*WORK INSTRUCTION*
A faithful copy is required: transcribe each line below exactly, minus the pictures.
RECORDS Start Marker
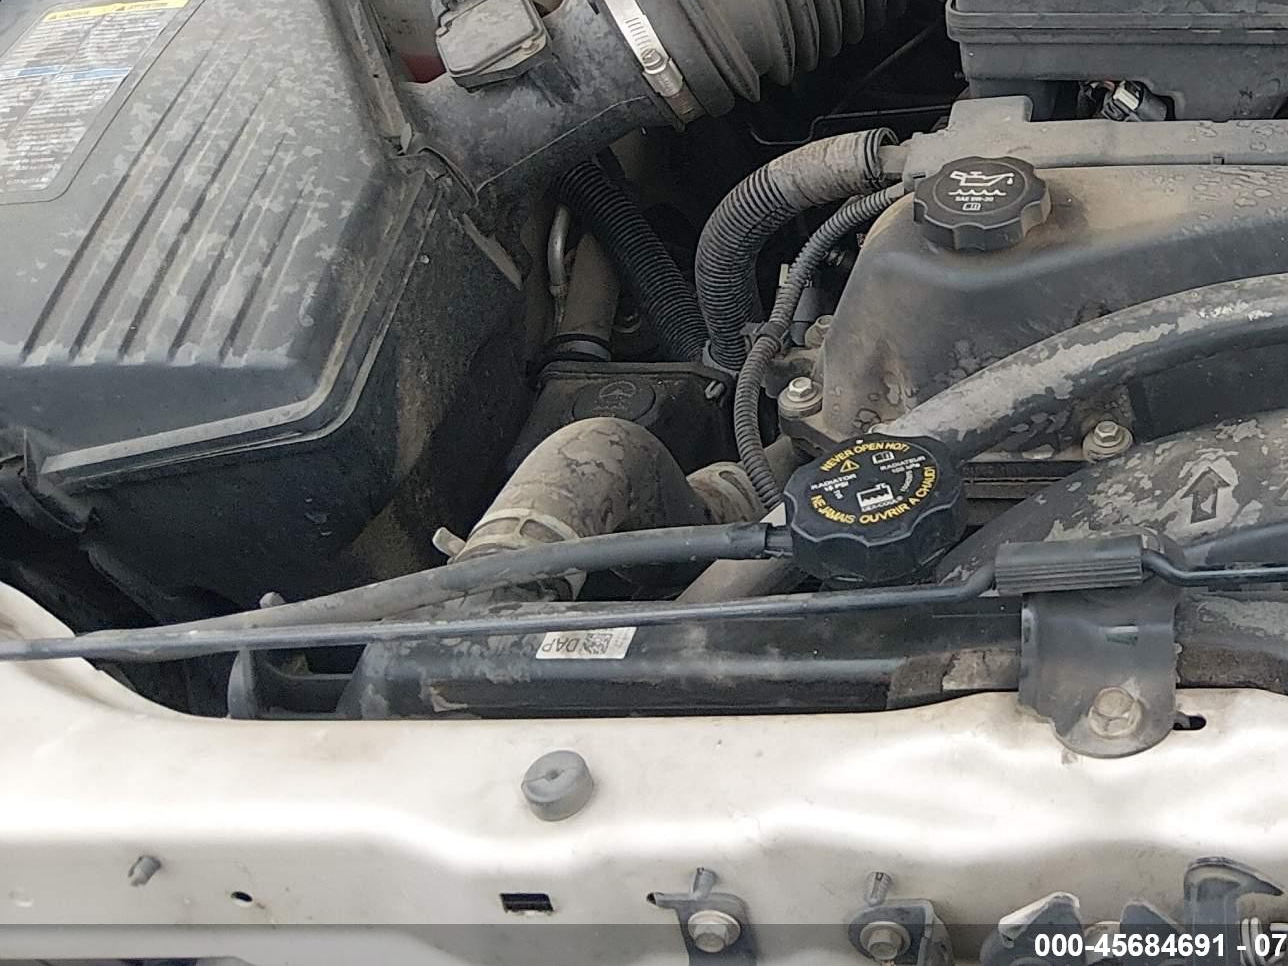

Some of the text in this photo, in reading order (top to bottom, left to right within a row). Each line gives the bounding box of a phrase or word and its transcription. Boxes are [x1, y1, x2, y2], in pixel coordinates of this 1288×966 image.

[820, 442, 910, 472] NEVER OPEN HOT!
[810, 473, 857, 491] RADIATOR
[811, 495, 826, 509] NE
[819, 506, 856, 524] JAMAIS
[859, 503, 910, 523] OUVRIR
RECORDS End Marker
*ANSWER TO THE PROBLEM*
Some of the text in this photo, in reading order (top to bottom, left to right within a row). Each line gives the bounding box of a phrase or word and its transcription. Boxes are [x1, y1, x2, y2], in pixel coordinates of this 1288×966 image.

[820, 442, 910, 472] NEVER OPEN HOT!
[810, 473, 857, 491] RADIATOR
[811, 495, 826, 509] NE
[819, 506, 856, 524] JAMAIS
[859, 503, 910, 523] OUVRIR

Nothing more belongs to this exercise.